Needless to say, ever since I was told this about myself, it eats me alive every single day.
Although I have overcome so much in my life in terms of my weight already, struggling with the way I look still is a part of my daily life. The way I feel about myself made me start to think maybe I never will overcome this horrendous disease constantly taking over my head: body dysmorphic disorder, a disease involving body image and obsessing over not liking the way one looks and feels on an everyday basis.
This is something that I cannot control and has been a part of my life. I didn't begin to realize my own mindset until being called out once, then twice, to being called out every single day for it.

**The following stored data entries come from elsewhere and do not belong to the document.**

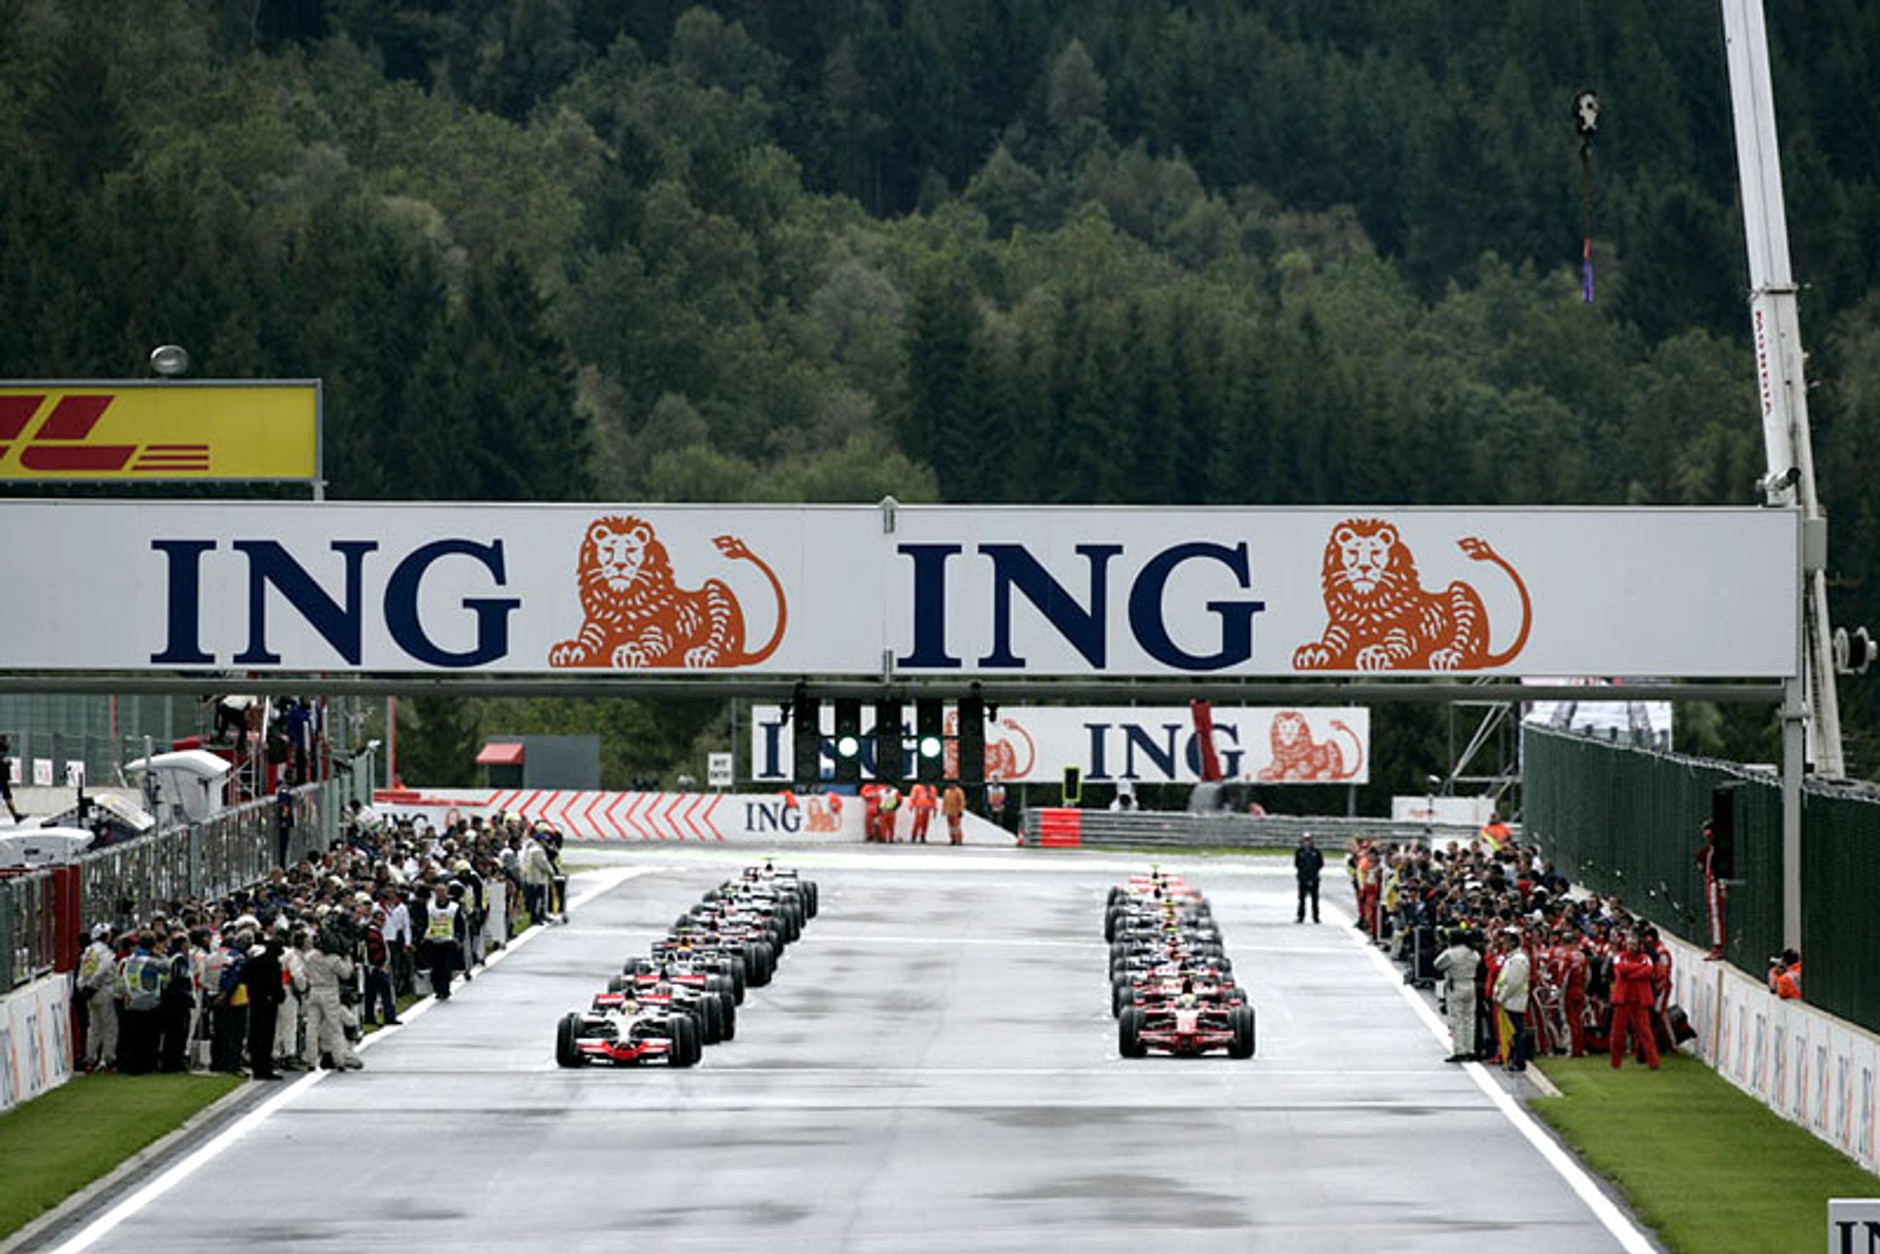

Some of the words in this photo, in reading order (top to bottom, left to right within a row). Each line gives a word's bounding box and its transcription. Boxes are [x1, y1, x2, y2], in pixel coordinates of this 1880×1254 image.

[150, 538, 521, 668] ING
[897, 541, 1265, 671] ING
[757, 721, 916, 778] IG
[1083, 722, 1245, 780] ING
[745, 802, 802, 833] ING
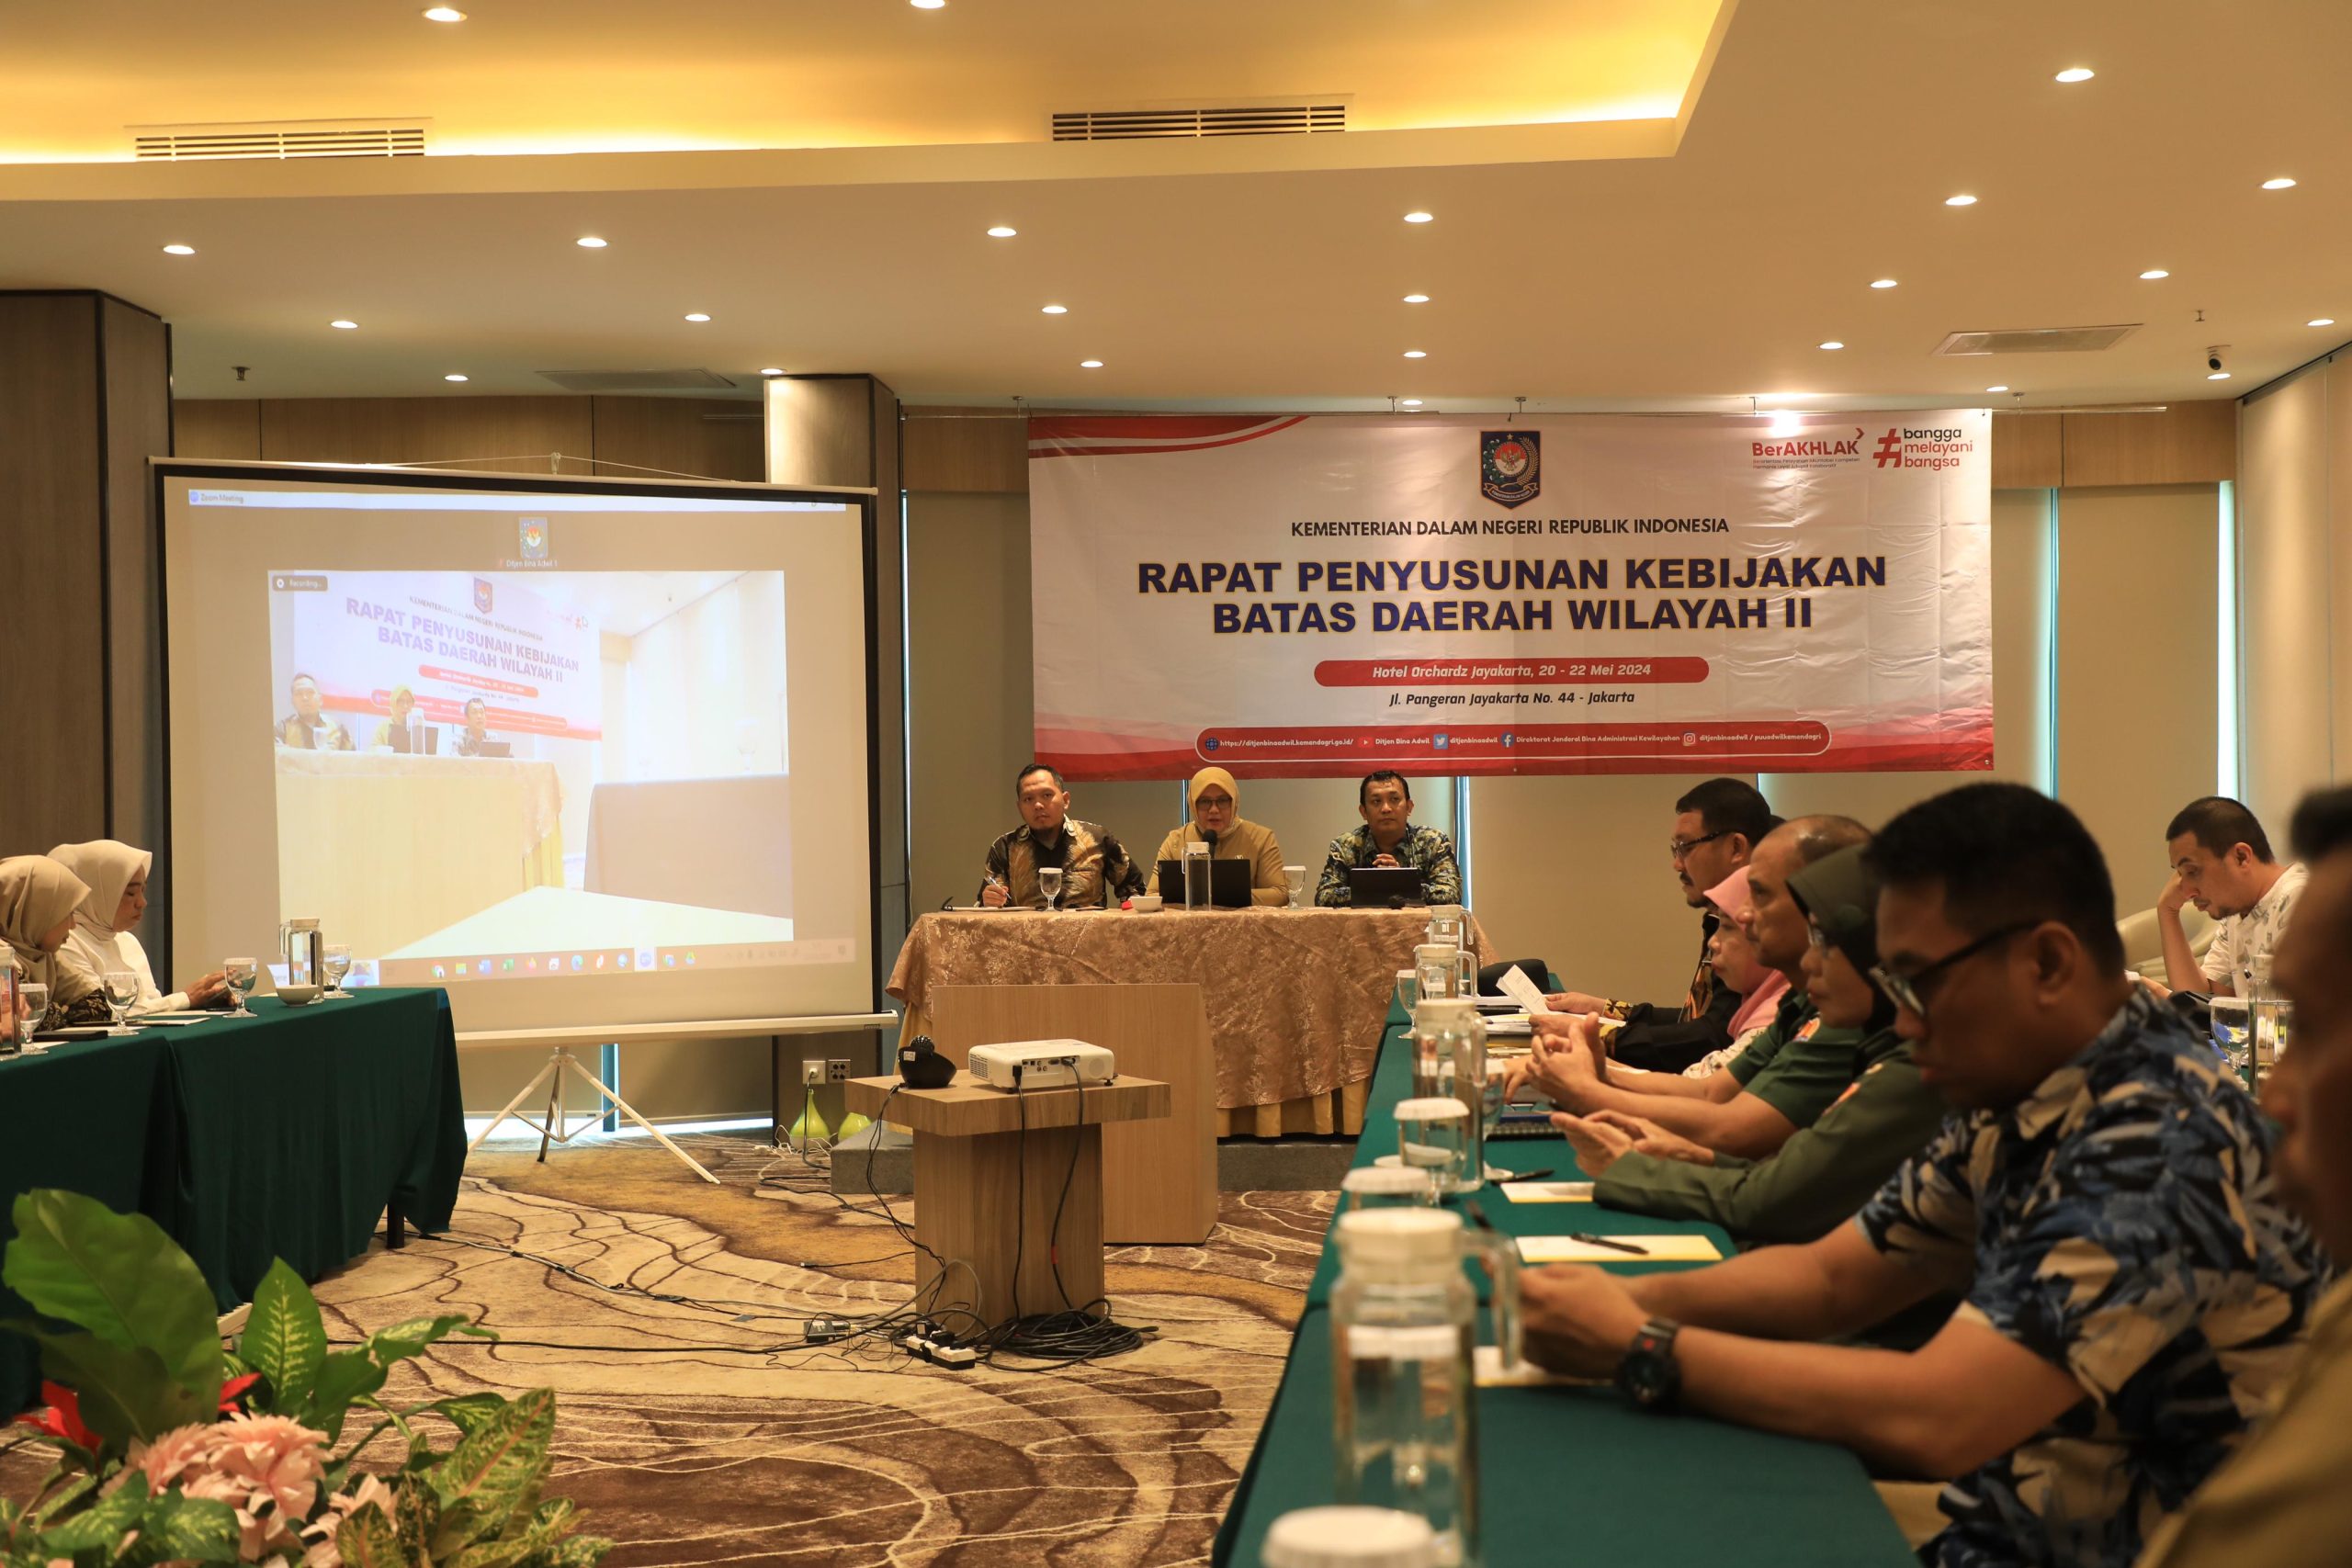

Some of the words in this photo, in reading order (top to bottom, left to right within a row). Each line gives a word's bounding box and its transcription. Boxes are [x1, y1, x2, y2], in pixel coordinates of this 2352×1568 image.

[1904, 428, 1962, 442] bangga
[1752, 440, 1859, 457] BerAKHLAK
[1905, 440, 1973, 457] melayani
[1904, 456, 1960, 471] bangsa
[1291, 522, 1412, 536] KEMENTERIAN
[1417, 521, 1478, 536] DALAM
[1482, 520, 1542, 535] NEGERI
[1549, 519, 1630, 534] REPUBLIK
[1634, 518, 1729, 534] INDONESIA
[1138, 562, 1282, 593] RAPAT
[1297, 558, 1609, 592] PENYUSUNAN
[1625, 556, 1886, 589] KEBIJAKAN
[1213, 601, 1357, 634] BATAS
[1372, 600, 1553, 632] DAERAH
[1566, 598, 1768, 630] WILAYAH
[1785, 597, 1812, 628] II
[345, 597, 407, 627] RAPAT
[412, 615, 513, 655] PENYUSUNAN
[516, 644, 580, 672] KEBIJAKAN
[378, 626, 435, 653] BATAS
[438, 642, 497, 670] DAERAH
[500, 657, 553, 682] WILAYAH
[555, 670, 563, 683] II
[1373, 665, 1408, 678] Hotel
[1411, 664, 1467, 678] Orchardz
[1470, 664, 1533, 680] Jayakarta,
[1539, 665, 1555, 676] 20
[1569, 664, 1586, 675] 22
[1590, 664, 1614, 675] Mei
[1617, 664, 1651, 675] 2024
[1389, 693, 1401, 706] Jl.
[1406, 693, 1465, 707] Pangeran
[1469, 692, 1529, 706] Jayakarta
[1533, 693, 1553, 704] No.
[1558, 693, 1575, 703] 44
[1588, 691, 1634, 705] Jakarta
[1450, 737, 1498, 745] ditjenbinaadwil
[1638, 735, 1680, 743] Kewilayahan
[1700, 733, 1748, 741] ditjenbinaadwil
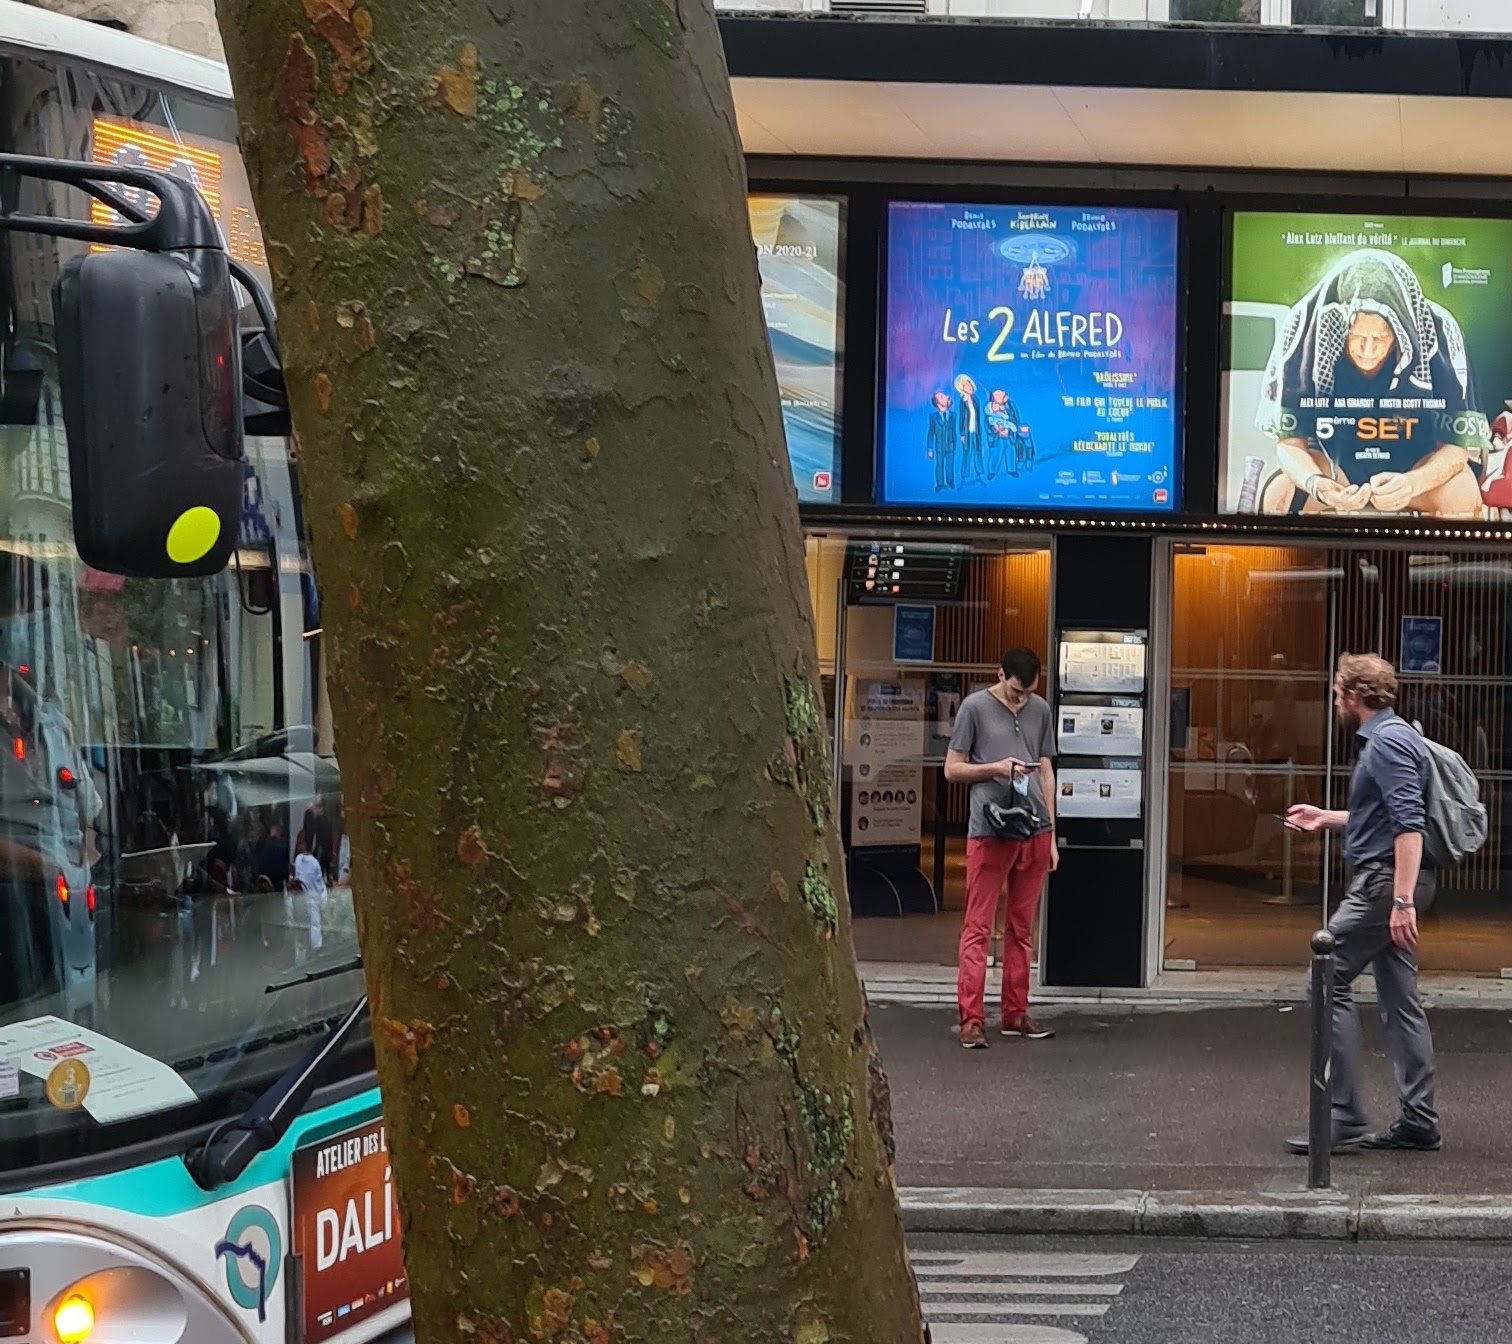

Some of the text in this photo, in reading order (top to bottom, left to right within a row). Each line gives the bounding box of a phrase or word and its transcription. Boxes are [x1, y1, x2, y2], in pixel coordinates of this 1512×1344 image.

[775, 244, 818, 258] 2020-21
[1306, 233, 1323, 245] Lutz
[943, 306, 1123, 363] Les 2 ALFRED
[1356, 417, 1420, 441] SET
[316, 1137, 361, 1178] ATELIER
[363, 1133, 379, 1157] DES
[316, 1165, 392, 1272] DALÍ

For me, personally, as hard as this is to admit, I constantly lift my shirt up in a mirror to look at my stomach. I obsess over the fact of feeling like I am overweight. I do this so often it isn't even a thought in my mind. I’m at the point where I am entirely unaware that I do it, until being constantly told to stop by my friends. I do this even out in public, repeatedly lifting my shirt up in any mirror or at any chance I get just to get a glance at my stomach. Why do I do this? To be completely honest, I don’t know.
Body dysmorphic disorder is all in the head. It constantly makes you think and obsess. It's not liking your physical view of yourself. It makes you feel as if you're obese, when in reality, you're far from it. I feel like if I even skip going to the gym for a single day, I may LITERALLY gain 50 pounds because I didn’t burn off all of the food I ate that day.
With this disorder, you physically see yourself being heavier than the way others view you. What you see in a mirror is entirely different from what they see and what you actually are. Although being told this about myself made me feel like the absolute worst, I also think it was a wake-up call, considering that I never did truly notice this imperfection about myself.
So to those that told me, thank you. Not for the way you brought up this topic to me, which I would like to think could have been in a nicer way, but for making me aware of something that I now have acknowledged, and can prevent from becoming something worse than it already is.